DESCRIPTION OF THE TASK
Each entry below must come back exactly as written, without its pictures.

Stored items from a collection
____

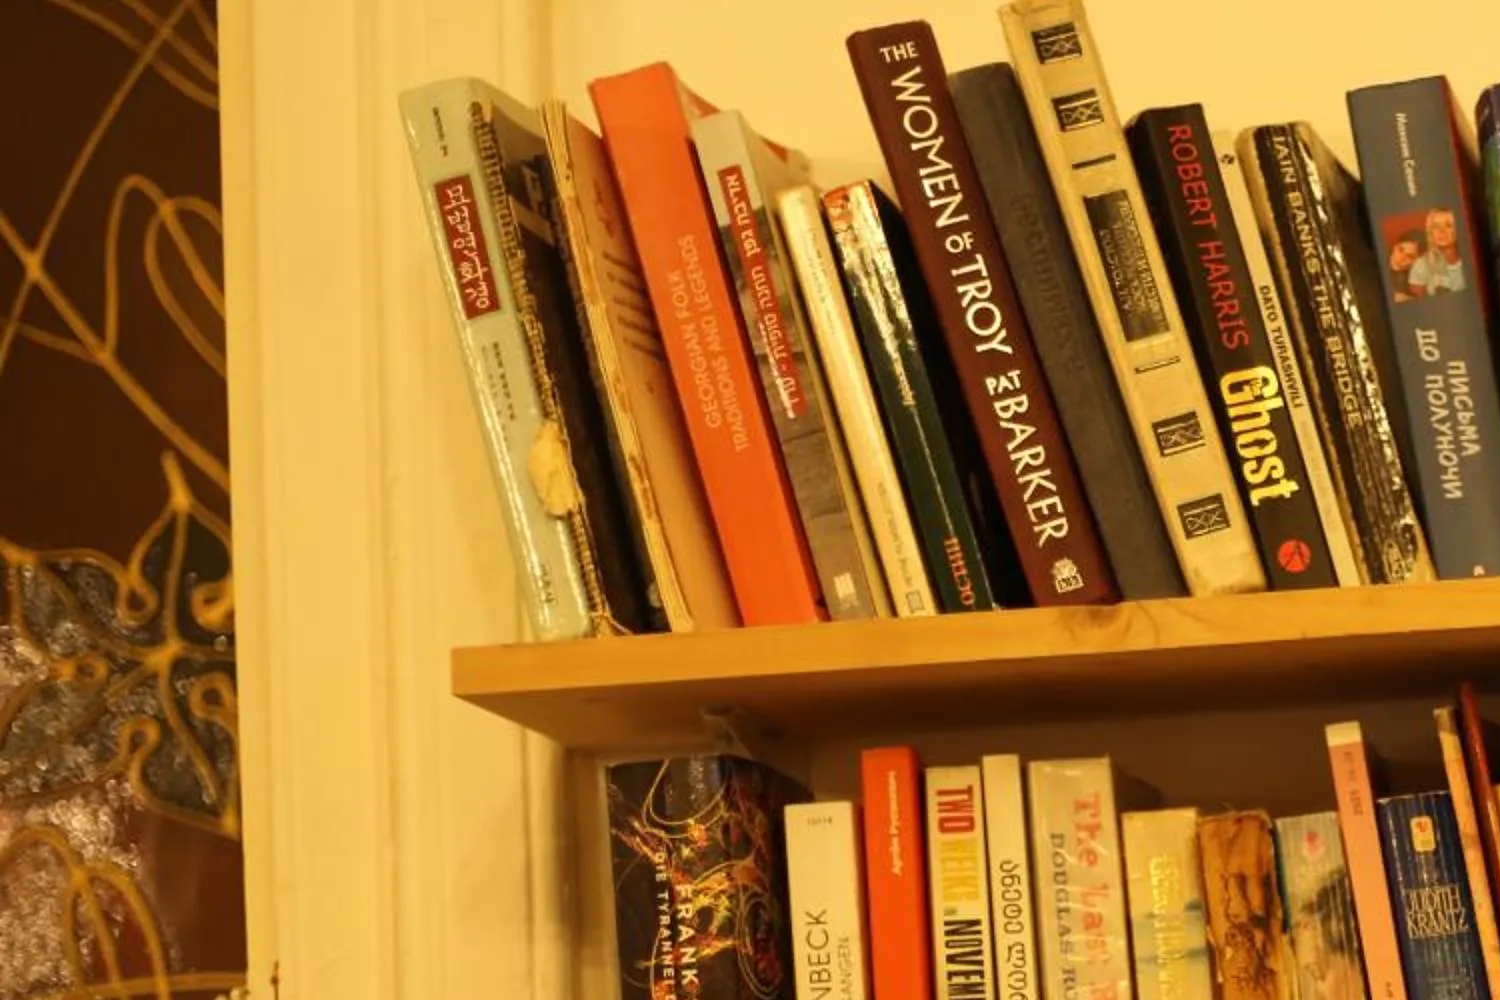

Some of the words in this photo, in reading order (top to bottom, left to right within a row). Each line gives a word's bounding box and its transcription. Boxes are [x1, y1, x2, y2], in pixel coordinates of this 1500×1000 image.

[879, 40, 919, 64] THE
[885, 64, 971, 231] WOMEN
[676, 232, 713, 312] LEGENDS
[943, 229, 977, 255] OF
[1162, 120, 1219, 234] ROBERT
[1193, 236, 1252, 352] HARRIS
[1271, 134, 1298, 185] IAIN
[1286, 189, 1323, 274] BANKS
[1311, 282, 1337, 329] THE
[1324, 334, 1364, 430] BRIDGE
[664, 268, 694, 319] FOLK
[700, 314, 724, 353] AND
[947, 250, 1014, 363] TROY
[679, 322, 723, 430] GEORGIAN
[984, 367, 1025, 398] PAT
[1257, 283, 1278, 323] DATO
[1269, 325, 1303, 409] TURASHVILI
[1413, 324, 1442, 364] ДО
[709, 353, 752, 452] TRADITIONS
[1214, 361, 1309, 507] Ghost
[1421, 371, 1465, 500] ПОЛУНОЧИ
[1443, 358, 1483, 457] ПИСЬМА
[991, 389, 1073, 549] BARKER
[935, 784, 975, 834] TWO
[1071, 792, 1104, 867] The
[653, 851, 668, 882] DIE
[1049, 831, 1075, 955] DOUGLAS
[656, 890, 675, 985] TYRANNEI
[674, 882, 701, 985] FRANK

____

OUTPUT OF THE EXERCISE
Some of the words in this photo, in reading order (top to bottom, left to right within a row). Each line gives a word's bounding box and its transcription. Boxes are [x1, y1, x2, y2], in pixel coordinates of this 1500×1000 image.

[879, 40, 919, 64] THE
[885, 64, 971, 231] WOMEN
[676, 232, 713, 312] LEGENDS
[943, 229, 977, 255] OF
[1162, 120, 1219, 234] ROBERT
[1193, 236, 1252, 352] HARRIS
[1271, 134, 1298, 185] IAIN
[1286, 189, 1323, 274] BANKS
[1311, 282, 1337, 329] THE
[1324, 334, 1364, 430] BRIDGE
[664, 268, 694, 319] FOLK
[700, 314, 724, 353] AND
[947, 250, 1014, 363] TROY
[679, 322, 723, 430] GEORGIAN
[984, 367, 1025, 398] PAT
[1257, 283, 1278, 323] DATO
[1269, 325, 1303, 409] TURASHVILI
[1413, 324, 1442, 364] ДО
[709, 353, 752, 452] TRADITIONS
[1214, 361, 1309, 507] Ghost
[1421, 371, 1465, 500] ПОЛУНОЧИ
[1443, 358, 1483, 457] ПИСЬМА
[991, 389, 1073, 549] BARKER
[935, 784, 975, 834] TWO
[1071, 792, 1104, 867] The
[653, 851, 668, 882] DIE
[1049, 831, 1075, 955] DOUGLAS
[656, 890, 675, 985] TYRANNEI
[674, 882, 701, 985] FRANK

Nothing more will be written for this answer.